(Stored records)
=== Begin Enclosure ===

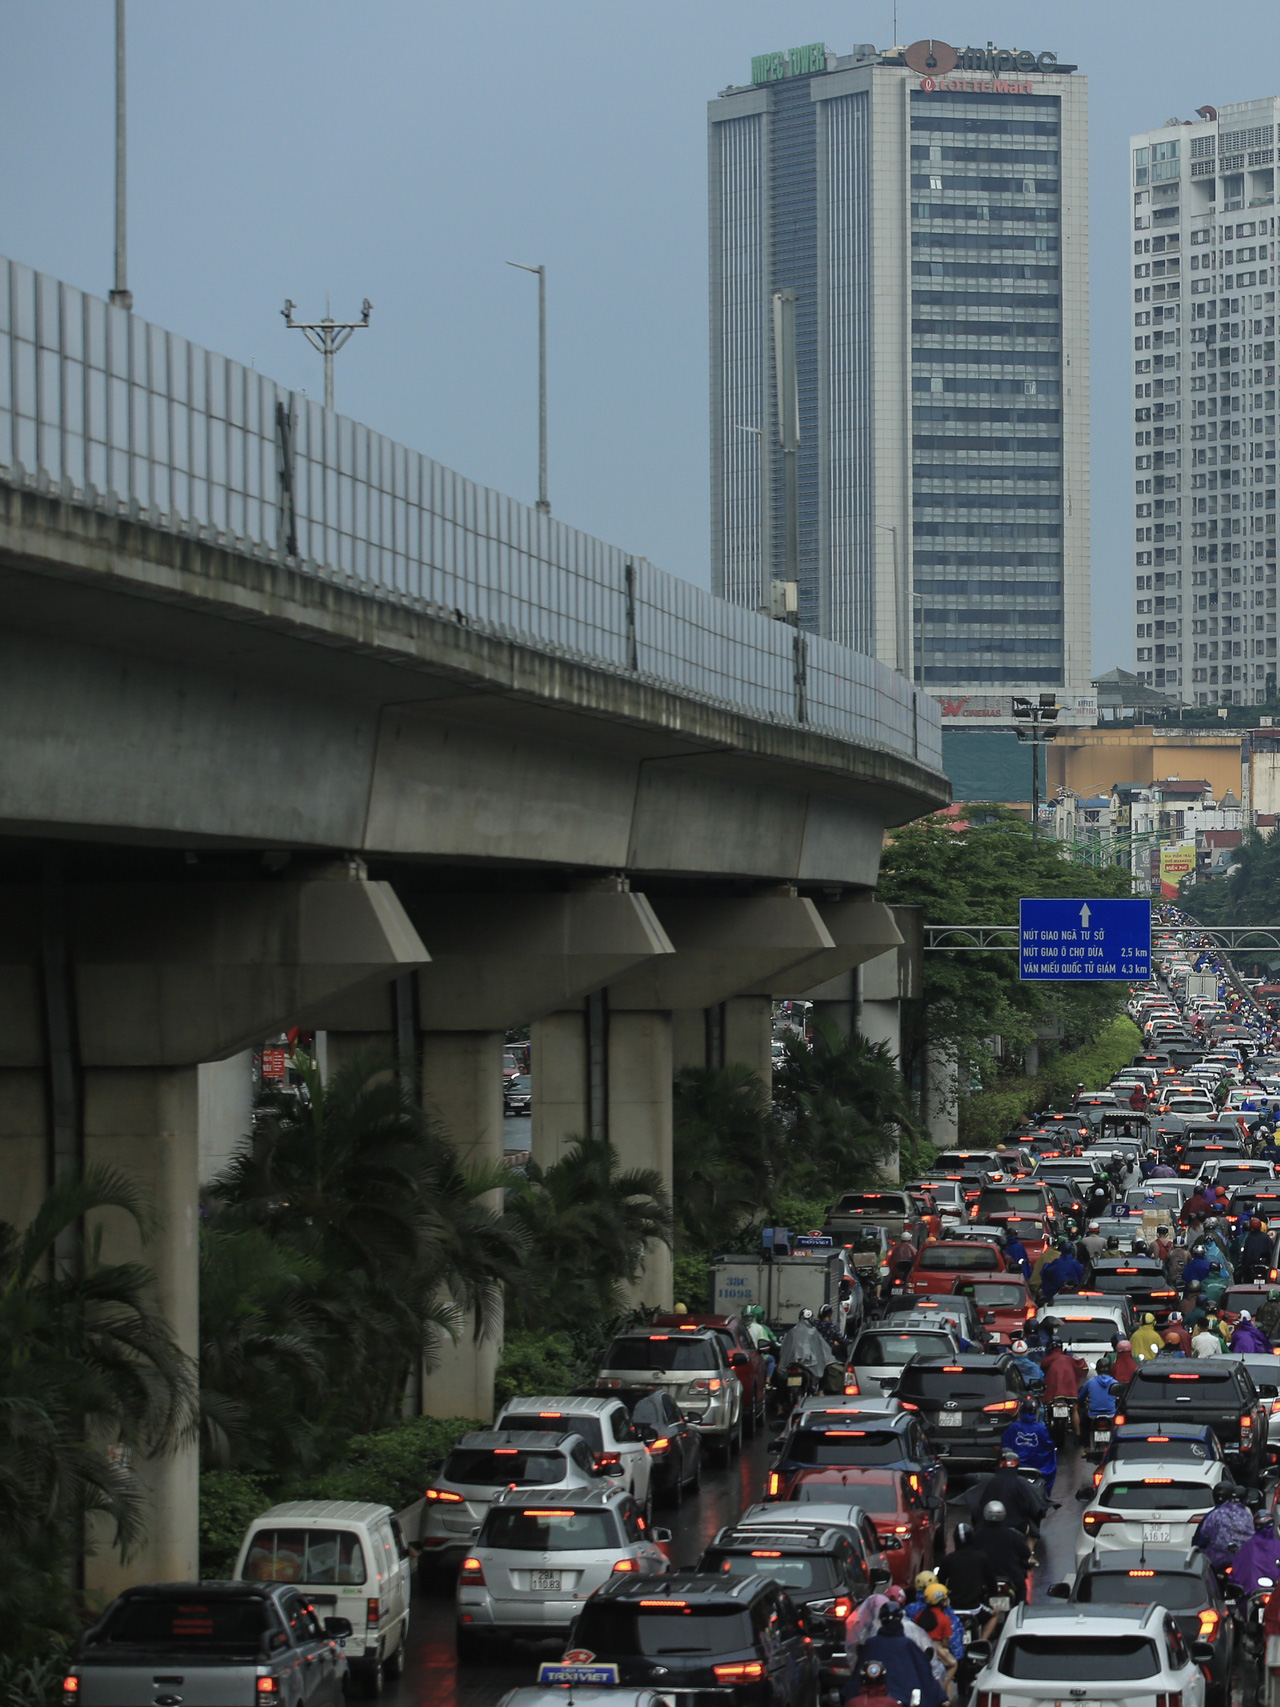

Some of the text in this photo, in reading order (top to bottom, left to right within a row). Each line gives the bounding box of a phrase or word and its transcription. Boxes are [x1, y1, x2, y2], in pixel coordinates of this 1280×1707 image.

[751, 42, 825, 84] MIPEC TOWER
[963, 41, 1058, 79] mipec
[940, 80, 1033, 94] LOTTE Mart
[1023, 928, 1105, 940] NÚT GIAO NGÃ TƯ SỞ
[1023, 945, 1038, 957] NÚT
[1040, 947, 1058, 957] GIAO
[1061, 946, 1066, 957] Ô
[1069, 947, 1085, 958] CHỢ
[1088, 946, 1104, 957] DỪA
[1135, 948, 1147, 957] km
[1024, 963, 1038, 973] VĂN
[1041, 961, 1059, 973] MIẾU
[1062, 961, 1082, 974] QUỐC
[1084, 961, 1094, 973] TỬ
[1097, 962, 1116, 973] GIÁM
[1135, 964, 1147, 973] km
[1115, 1206, 1125, 1216] G7
[719, 1289, 752, 1298] 11098
[533, 1580, 560, 1589] 110.83
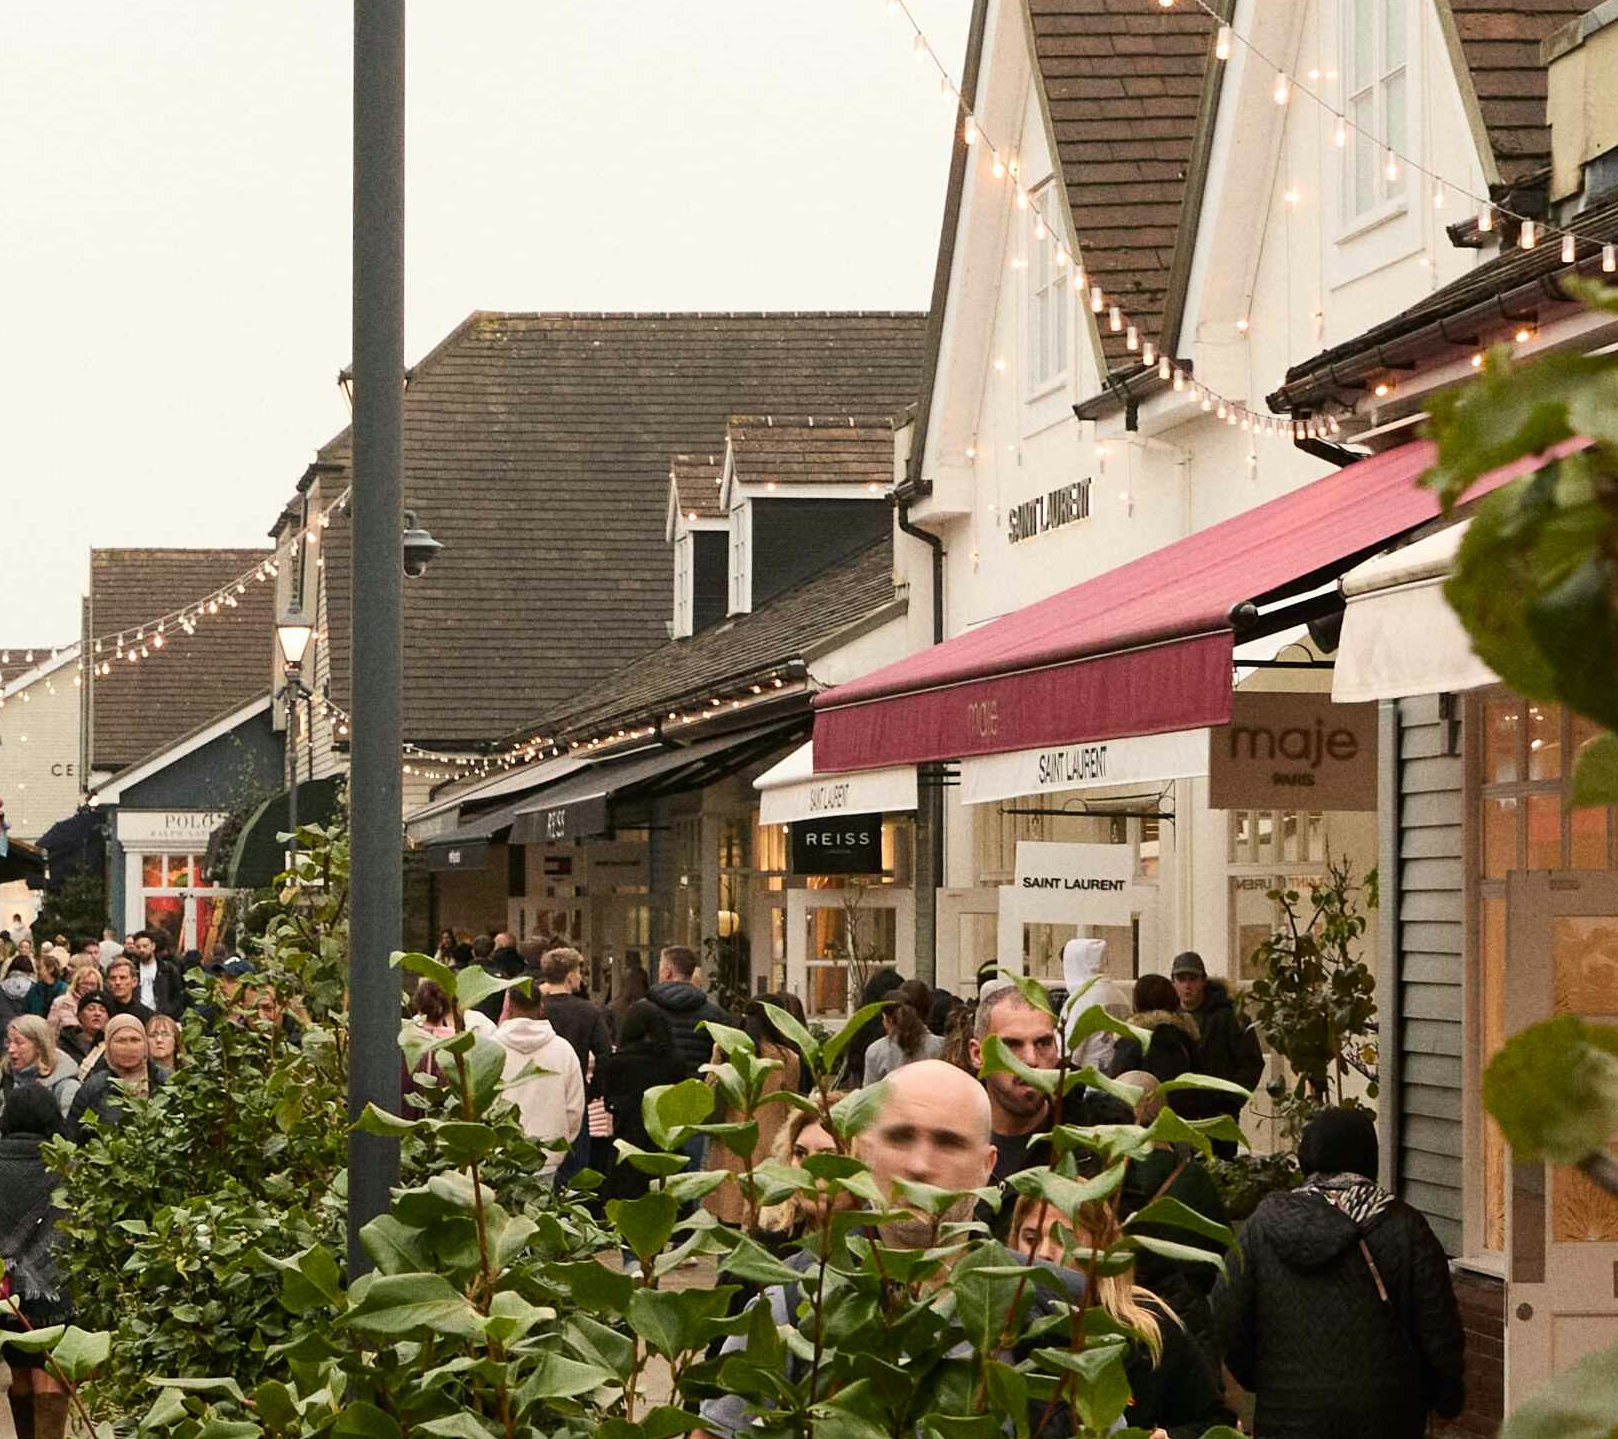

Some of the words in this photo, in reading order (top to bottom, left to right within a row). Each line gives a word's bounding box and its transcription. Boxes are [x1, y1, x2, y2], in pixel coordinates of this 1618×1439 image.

[1230, 717, 1359, 770] maje
[1038, 753, 1064, 784] SAINT
[1066, 745, 1107, 781] LAURENT
[1273, 772, 1316, 787] PARIS
[165, 814, 214, 829] POLO
[806, 833, 870, 846] REISS
[1023, 877, 1061, 889] SAINT
[1064, 879, 1126, 891] LAURENT
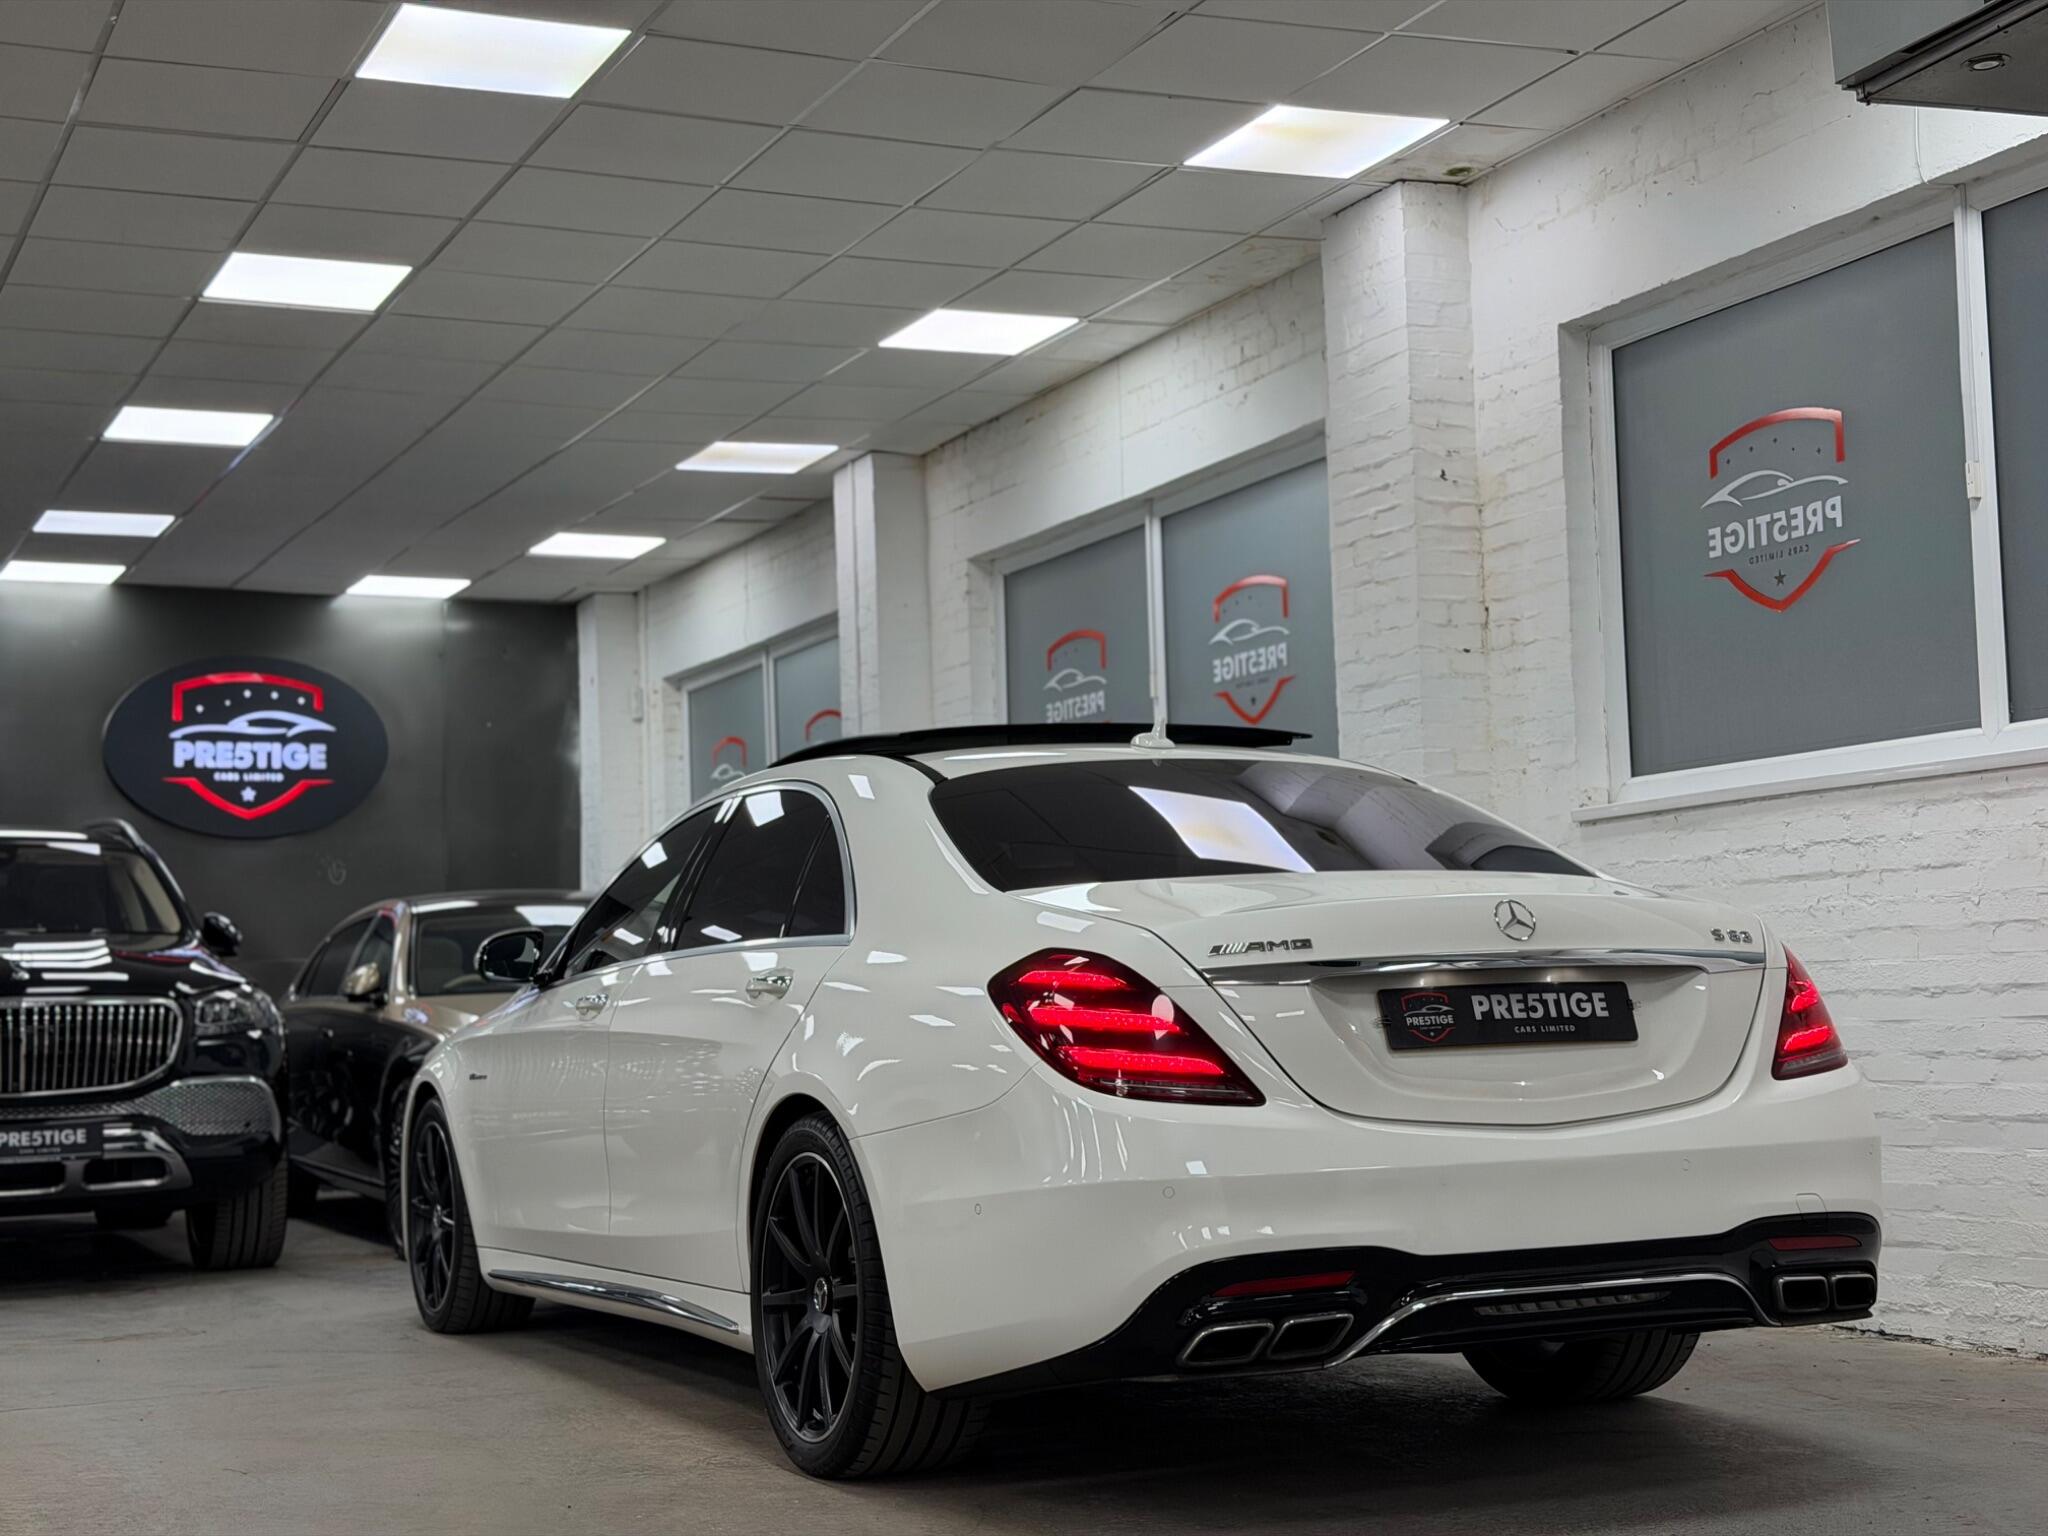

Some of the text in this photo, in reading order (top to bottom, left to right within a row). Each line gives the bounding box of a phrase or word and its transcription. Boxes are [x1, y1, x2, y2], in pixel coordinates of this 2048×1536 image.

[1243, 938, 1313, 953] AMG
[1514, 1023, 1577, 1034] CARS LIMITED

=== End Enclosure ===

### YOUR ASSIGNMENT
Retype the records exactly. Any image in them should not appear in what you write.

### EXERCISE RESULT
Some of the text in this photo, in reading order (top to bottom, left to right within a row). Each line gives the bounding box of a phrase or word and its transcription. Boxes are [x1, y1, x2, y2], in pixel coordinates of this 1280×1707 image.

[751, 42, 825, 84] MIPEC TOWER
[963, 41, 1058, 79] mipec
[940, 80, 1033, 94] LOTTE Mart
[1023, 928, 1105, 940] NÚT GIAO NGÃ TƯ SỞ
[1023, 945, 1038, 957] NÚT
[1040, 947, 1058, 957] GIAO
[1061, 946, 1066, 957] Ô
[1069, 947, 1085, 958] CHỢ
[1088, 946, 1104, 957] DỪA
[1135, 948, 1147, 957] km
[1024, 963, 1038, 973] VĂN
[1041, 961, 1059, 973] MIẾU
[1062, 961, 1082, 974] QUỐC
[1084, 961, 1094, 973] TỬ
[1097, 962, 1116, 973] GIÁM
[1135, 964, 1147, 973] km
[1115, 1206, 1125, 1216] G7
[719, 1289, 752, 1298] 11098
[533, 1580, 560, 1589] 110.83

Some of the words in this photo, in reading order (top to bottom, left to right within a row). Each line gives a word's bounding box and its transcription. Boxes are [x1, y1, x2, y2], in pixel coordinates of this 1618×1439 image.

[1230, 717, 1359, 770] maje
[1038, 753, 1064, 784] SAINT
[1066, 745, 1107, 781] LAURENT
[1273, 772, 1316, 787] PARIS
[165, 814, 214, 829] POLO
[806, 833, 870, 846] REISS
[1023, 877, 1061, 889] SAINT
[1064, 879, 1126, 891] LAURENT

Some of the text in this photo, in reading order (top to bottom, left to right within a row). Each line gives the bounding box of a phrase or word and its transcription. Boxes are [x1, y1, x2, y2], in pixel coordinates of this 2048×1536 image.

[1243, 938, 1313, 953] AMG
[1514, 1023, 1577, 1034] CARS LIMITED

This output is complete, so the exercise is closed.